_What to produce_.
Only the pictures should be dropped; every line of the data must come back exactly as written.

_Saved data entries_.
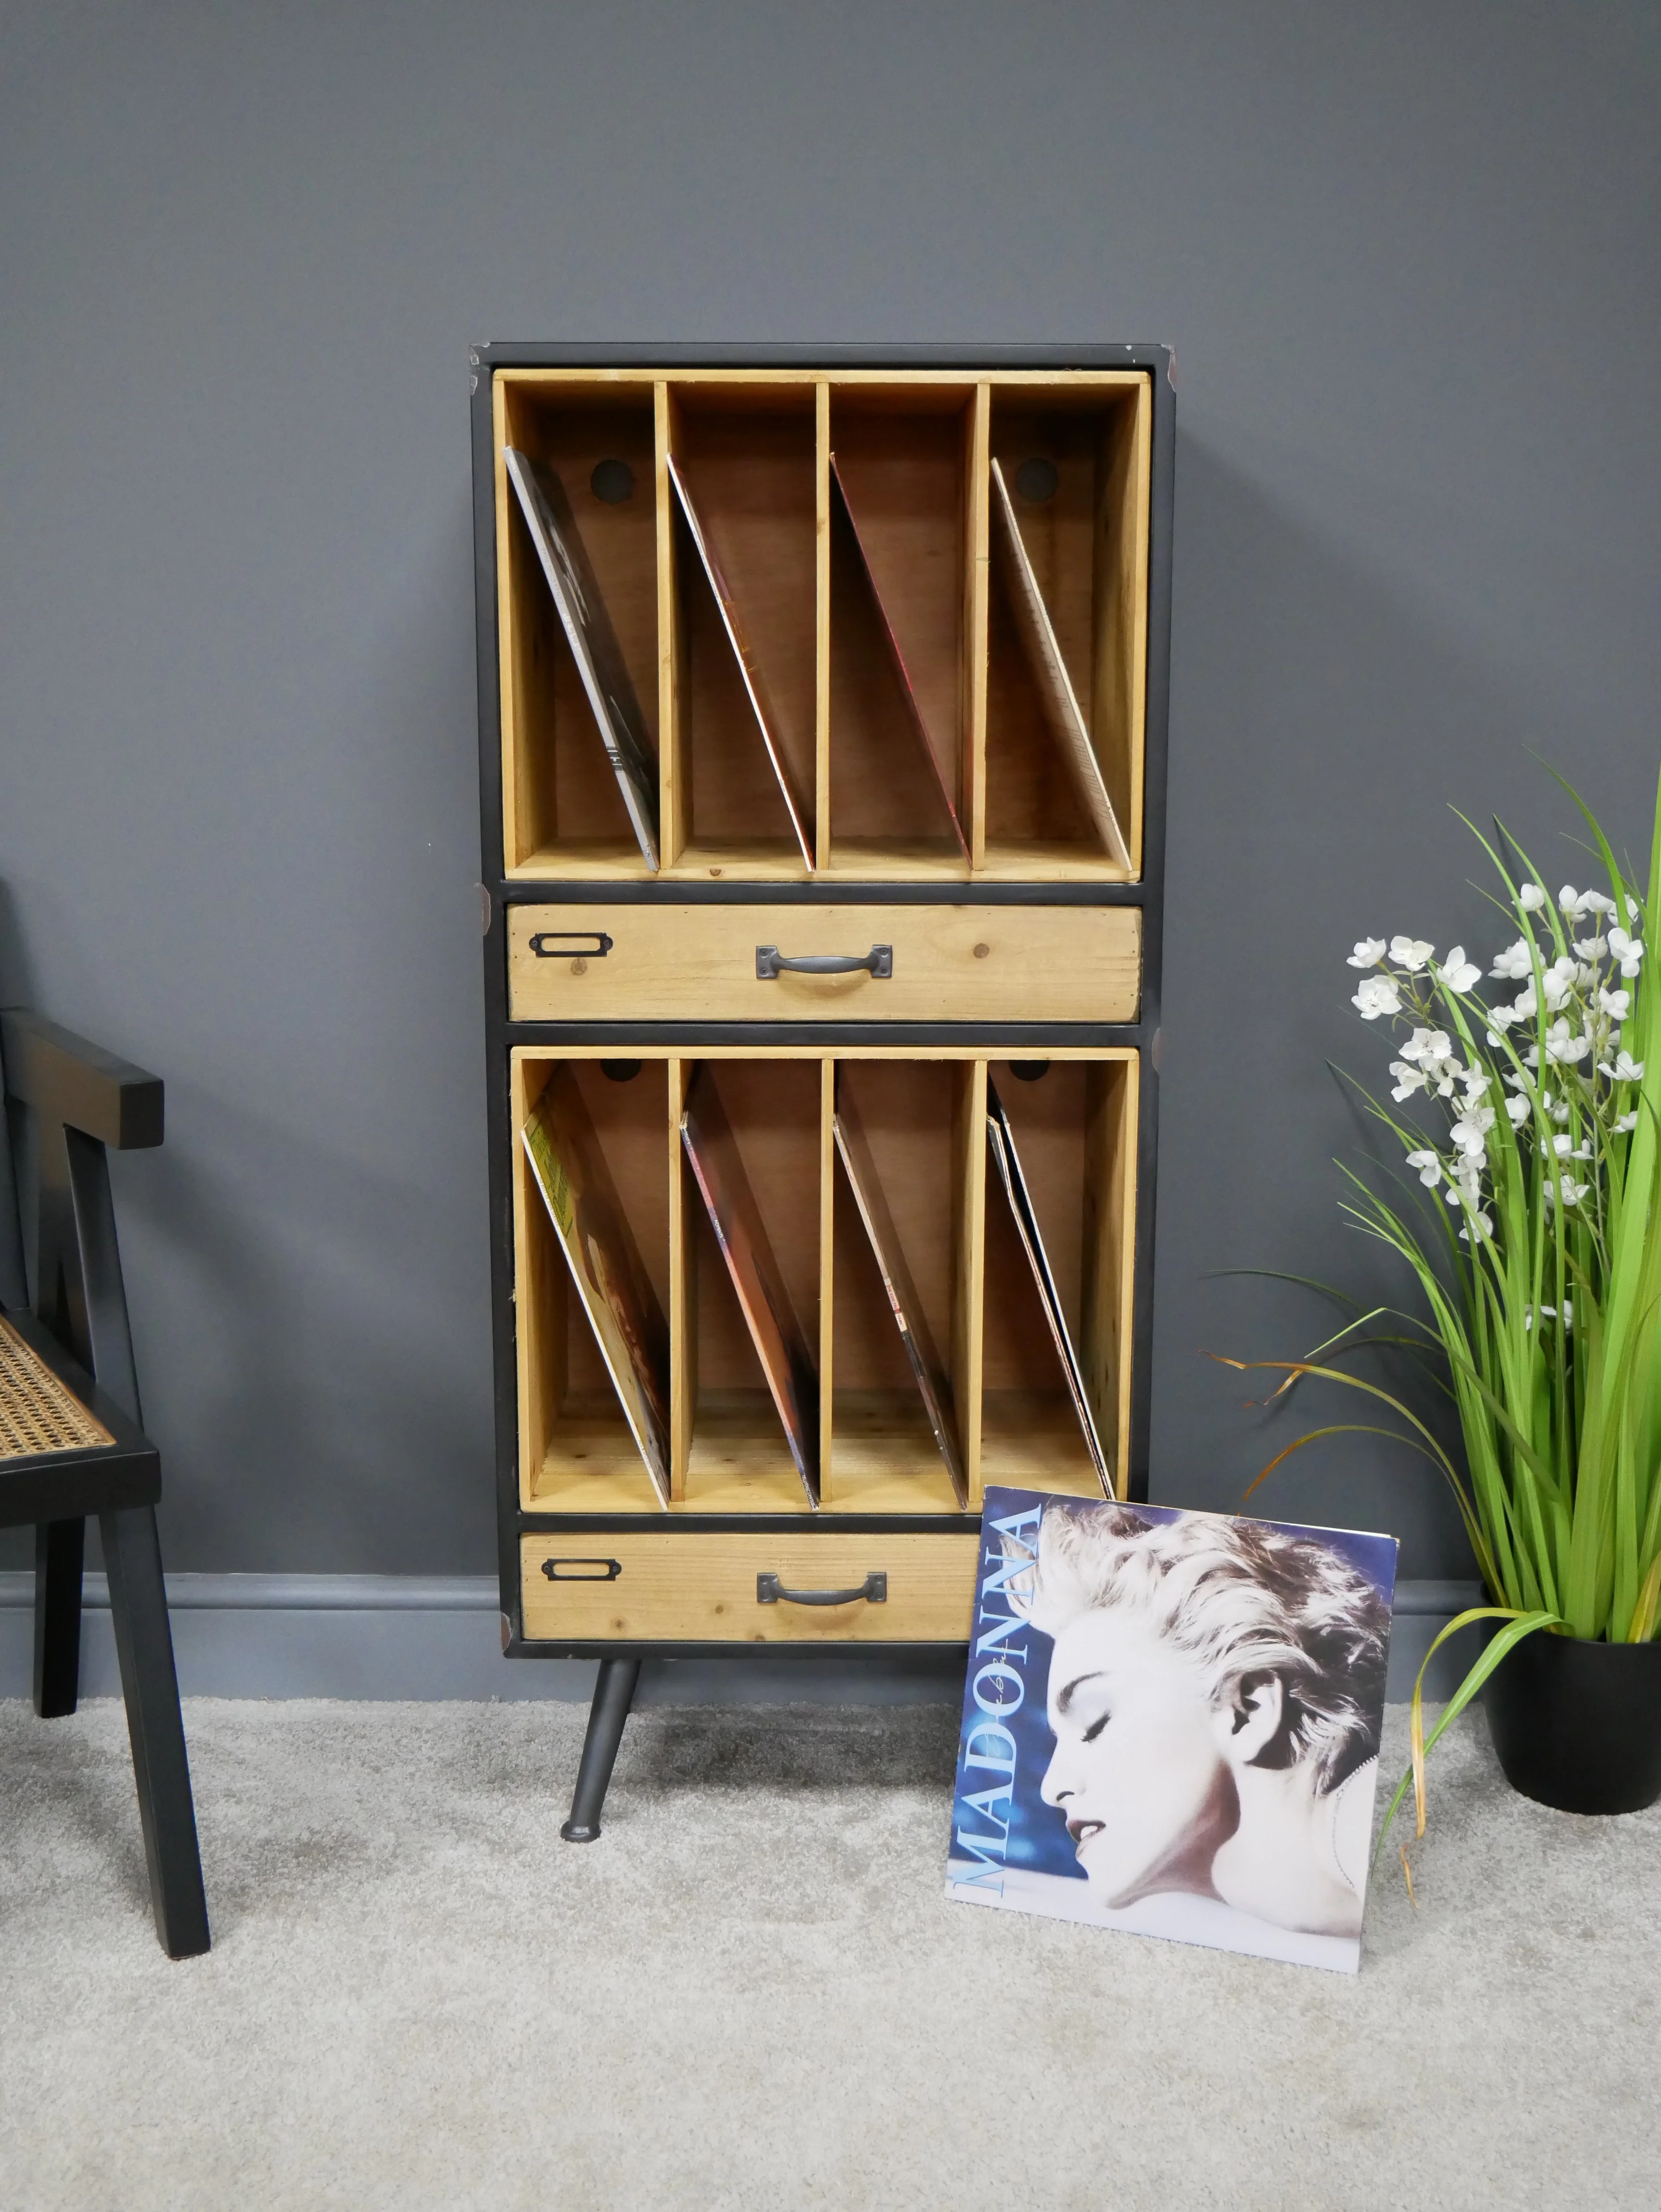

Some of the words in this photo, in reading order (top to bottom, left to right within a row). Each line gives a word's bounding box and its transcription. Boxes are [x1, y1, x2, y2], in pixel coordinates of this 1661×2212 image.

[551, 1211, 559, 1226] DENVER
[713, 1219, 724, 1238] MOMENTS
[801, 1474, 811, 1493] TELLYDISC
[953, 1503, 1042, 1898] MADONNA

_Task result_.
Some of the words in this photo, in reading order (top to bottom, left to right within a row). Each line gives a word's bounding box and its transcription. Boxes are [x1, y1, x2, y2], in pixel coordinates of this 1661×2212 image.

[551, 1211, 559, 1226] DENVER
[713, 1219, 724, 1238] MOMENTS
[801, 1474, 811, 1493] TELLYDISC
[953, 1503, 1042, 1898] MADONNA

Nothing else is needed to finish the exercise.